__Exercise description__
Reproduce every record below exactly as it appears.

• • • •

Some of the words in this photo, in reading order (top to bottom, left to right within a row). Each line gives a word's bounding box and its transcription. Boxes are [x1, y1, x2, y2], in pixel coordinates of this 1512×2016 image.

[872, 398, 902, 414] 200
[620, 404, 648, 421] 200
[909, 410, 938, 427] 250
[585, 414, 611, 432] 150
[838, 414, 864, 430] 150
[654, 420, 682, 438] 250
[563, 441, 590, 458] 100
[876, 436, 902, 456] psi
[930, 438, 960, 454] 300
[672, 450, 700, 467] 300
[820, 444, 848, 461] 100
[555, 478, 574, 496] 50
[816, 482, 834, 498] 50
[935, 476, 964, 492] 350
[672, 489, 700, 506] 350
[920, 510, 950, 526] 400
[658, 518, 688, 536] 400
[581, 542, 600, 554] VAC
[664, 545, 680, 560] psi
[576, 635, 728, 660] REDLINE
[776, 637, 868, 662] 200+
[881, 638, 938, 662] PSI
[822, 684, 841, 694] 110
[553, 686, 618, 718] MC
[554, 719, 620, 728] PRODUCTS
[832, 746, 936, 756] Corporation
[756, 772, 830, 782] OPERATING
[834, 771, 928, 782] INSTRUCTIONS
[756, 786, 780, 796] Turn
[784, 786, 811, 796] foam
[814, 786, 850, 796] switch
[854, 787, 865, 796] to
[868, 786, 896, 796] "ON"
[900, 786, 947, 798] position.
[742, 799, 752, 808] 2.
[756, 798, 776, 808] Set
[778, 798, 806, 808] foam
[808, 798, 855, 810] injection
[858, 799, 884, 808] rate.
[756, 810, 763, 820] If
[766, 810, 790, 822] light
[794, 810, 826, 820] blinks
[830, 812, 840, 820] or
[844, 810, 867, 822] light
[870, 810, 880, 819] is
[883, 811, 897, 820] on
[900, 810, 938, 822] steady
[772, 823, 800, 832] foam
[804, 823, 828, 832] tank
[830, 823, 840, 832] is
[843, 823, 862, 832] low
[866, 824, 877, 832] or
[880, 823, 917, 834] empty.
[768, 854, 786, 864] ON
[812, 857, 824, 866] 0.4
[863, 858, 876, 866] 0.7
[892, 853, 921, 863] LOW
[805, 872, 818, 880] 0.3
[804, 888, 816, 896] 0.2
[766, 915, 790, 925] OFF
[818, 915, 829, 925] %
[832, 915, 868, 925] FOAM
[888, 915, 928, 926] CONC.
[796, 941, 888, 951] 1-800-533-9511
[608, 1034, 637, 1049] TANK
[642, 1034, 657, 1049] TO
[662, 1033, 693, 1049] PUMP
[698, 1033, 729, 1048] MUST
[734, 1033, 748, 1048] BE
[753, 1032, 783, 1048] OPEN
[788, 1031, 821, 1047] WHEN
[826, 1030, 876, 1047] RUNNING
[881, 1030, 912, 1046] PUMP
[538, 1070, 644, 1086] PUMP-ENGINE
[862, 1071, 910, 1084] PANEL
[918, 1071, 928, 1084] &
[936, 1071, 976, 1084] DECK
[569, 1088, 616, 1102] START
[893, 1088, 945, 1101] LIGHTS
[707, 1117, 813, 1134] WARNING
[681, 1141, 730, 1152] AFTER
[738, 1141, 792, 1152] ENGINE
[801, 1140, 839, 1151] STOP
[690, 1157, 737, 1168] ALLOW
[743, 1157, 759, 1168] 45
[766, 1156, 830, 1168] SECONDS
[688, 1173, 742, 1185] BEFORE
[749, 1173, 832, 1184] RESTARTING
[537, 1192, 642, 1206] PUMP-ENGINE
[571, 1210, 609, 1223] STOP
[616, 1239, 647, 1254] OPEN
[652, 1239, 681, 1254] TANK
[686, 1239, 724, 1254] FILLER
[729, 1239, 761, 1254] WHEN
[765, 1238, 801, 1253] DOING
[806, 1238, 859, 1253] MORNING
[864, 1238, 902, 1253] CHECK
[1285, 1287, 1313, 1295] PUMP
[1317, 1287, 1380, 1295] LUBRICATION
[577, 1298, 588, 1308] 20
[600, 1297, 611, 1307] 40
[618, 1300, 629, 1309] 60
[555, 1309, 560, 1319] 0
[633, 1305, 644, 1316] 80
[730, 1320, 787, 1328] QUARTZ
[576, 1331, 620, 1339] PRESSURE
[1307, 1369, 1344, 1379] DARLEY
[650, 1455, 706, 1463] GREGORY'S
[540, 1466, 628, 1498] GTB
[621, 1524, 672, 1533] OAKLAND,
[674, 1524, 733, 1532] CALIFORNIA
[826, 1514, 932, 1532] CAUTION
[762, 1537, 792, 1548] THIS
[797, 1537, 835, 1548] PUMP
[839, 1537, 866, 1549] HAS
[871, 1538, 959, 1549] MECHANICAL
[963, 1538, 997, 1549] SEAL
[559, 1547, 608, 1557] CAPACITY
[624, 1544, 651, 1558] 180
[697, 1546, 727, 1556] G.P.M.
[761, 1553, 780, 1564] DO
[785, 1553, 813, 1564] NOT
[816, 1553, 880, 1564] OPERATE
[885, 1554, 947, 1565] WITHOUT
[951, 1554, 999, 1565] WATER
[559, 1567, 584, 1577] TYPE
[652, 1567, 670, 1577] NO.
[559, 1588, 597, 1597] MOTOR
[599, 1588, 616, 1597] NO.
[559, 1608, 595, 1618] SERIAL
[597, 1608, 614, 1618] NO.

• • • •

__Exercise solution__
Some of the words in this photo, in reading order (top to bottom, left to right within a row). Each line gives a word's bounding box and its transcription. Boxes are [x1, y1, x2, y2], in pixel coordinates of this 1512×2016 image.

[872, 398, 902, 414] 200
[620, 404, 648, 421] 200
[909, 410, 938, 427] 250
[585, 414, 611, 432] 150
[838, 414, 864, 430] 150
[654, 420, 682, 438] 250
[563, 441, 590, 458] 100
[876, 436, 902, 456] psi
[930, 438, 960, 454] 300
[672, 450, 700, 467] 300
[820, 444, 848, 461] 100
[555, 478, 574, 496] 50
[816, 482, 834, 498] 50
[935, 476, 964, 492] 350
[672, 489, 700, 506] 350
[920, 510, 950, 526] 400
[658, 518, 688, 536] 400
[581, 542, 600, 554] VAC
[664, 545, 680, 560] psi
[576, 635, 728, 660] REDLINE
[776, 637, 868, 662] 200+
[881, 638, 938, 662] PSI
[822, 684, 841, 694] 110
[553, 686, 618, 718] MC
[554, 719, 620, 728] PRODUCTS
[832, 746, 936, 756] Corporation
[756, 772, 830, 782] OPERATING
[834, 771, 928, 782] INSTRUCTIONS
[756, 786, 780, 796] Turn
[784, 786, 811, 796] foam
[814, 786, 850, 796] switch
[854, 787, 865, 796] to
[868, 786, 896, 796] "ON"
[900, 786, 947, 798] position.
[742, 799, 752, 808] 2.
[756, 798, 776, 808] Set
[778, 798, 806, 808] foam
[808, 798, 855, 810] injection
[858, 799, 884, 808] rate.
[756, 810, 763, 820] If
[766, 810, 790, 822] light
[794, 810, 826, 820] blinks
[830, 812, 840, 820] or
[844, 810, 867, 822] light
[870, 810, 880, 819] is
[883, 811, 897, 820] on
[900, 810, 938, 822] steady
[772, 823, 800, 832] foam
[804, 823, 828, 832] tank
[830, 823, 840, 832] is
[843, 823, 862, 832] low
[866, 824, 877, 832] or
[880, 823, 917, 834] empty.
[768, 854, 786, 864] ON
[812, 857, 824, 866] 0.4
[863, 858, 876, 866] 0.7
[892, 853, 921, 863] LOW
[805, 872, 818, 880] 0.3
[804, 888, 816, 896] 0.2
[766, 915, 790, 925] OFF
[818, 915, 829, 925] %
[832, 915, 868, 925] FOAM
[888, 915, 928, 926] CONC.
[796, 941, 888, 951] 1-800-533-9511
[608, 1034, 637, 1049] TANK
[642, 1034, 657, 1049] TO
[662, 1033, 693, 1049] PUMP
[698, 1033, 729, 1048] MUST
[734, 1033, 748, 1048] BE
[753, 1032, 783, 1048] OPEN
[788, 1031, 821, 1047] WHEN
[826, 1030, 876, 1047] RUNNING
[881, 1030, 912, 1046] PUMP
[538, 1070, 644, 1086] PUMP-ENGINE
[862, 1071, 910, 1084] PANEL
[918, 1071, 928, 1084] &
[936, 1071, 976, 1084] DECK
[569, 1088, 616, 1102] START
[893, 1088, 945, 1101] LIGHTS
[707, 1117, 813, 1134] WARNING
[681, 1141, 730, 1152] AFTER
[738, 1141, 792, 1152] ENGINE
[801, 1140, 839, 1151] STOP
[690, 1157, 737, 1168] ALLOW
[743, 1157, 759, 1168] 45
[766, 1156, 830, 1168] SECONDS
[688, 1173, 742, 1185] BEFORE
[749, 1173, 832, 1184] RESTARTING
[537, 1192, 642, 1206] PUMP-ENGINE
[571, 1210, 609, 1223] STOP
[616, 1239, 647, 1254] OPEN
[652, 1239, 681, 1254] TANK
[686, 1239, 724, 1254] FILLER
[729, 1239, 761, 1254] WHEN
[765, 1238, 801, 1253] DOING
[806, 1238, 859, 1253] MORNING
[864, 1238, 902, 1253] CHECK
[1285, 1287, 1313, 1295] PUMP
[1317, 1287, 1380, 1295] LUBRICATION
[577, 1298, 588, 1308] 20
[600, 1297, 611, 1307] 40
[618, 1300, 629, 1309] 60
[555, 1309, 560, 1319] 0
[633, 1305, 644, 1316] 80
[730, 1320, 787, 1328] QUARTZ
[576, 1331, 620, 1339] PRESSURE
[1307, 1369, 1344, 1379] DARLEY
[650, 1455, 706, 1463] GREGORY'S
[540, 1466, 628, 1498] GTB
[621, 1524, 672, 1533] OAKLAND,
[674, 1524, 733, 1532] CALIFORNIA
[826, 1514, 932, 1532] CAUTION
[762, 1537, 792, 1548] THIS
[797, 1537, 835, 1548] PUMP
[839, 1537, 866, 1549] HAS
[871, 1538, 959, 1549] MECHANICAL
[963, 1538, 997, 1549] SEAL
[559, 1547, 608, 1557] CAPACITY
[624, 1544, 651, 1558] 180
[697, 1546, 727, 1556] G.P.M.
[761, 1553, 780, 1564] DO
[785, 1553, 813, 1564] NOT
[816, 1553, 880, 1564] OPERATE
[885, 1554, 947, 1565] WITHOUT
[951, 1554, 999, 1565] WATER
[559, 1567, 584, 1577] TYPE
[652, 1567, 670, 1577] NO.
[559, 1588, 597, 1597] MOTOR
[599, 1588, 616, 1597] NO.
[559, 1608, 595, 1618] SERIAL
[597, 1608, 614, 1618] NO.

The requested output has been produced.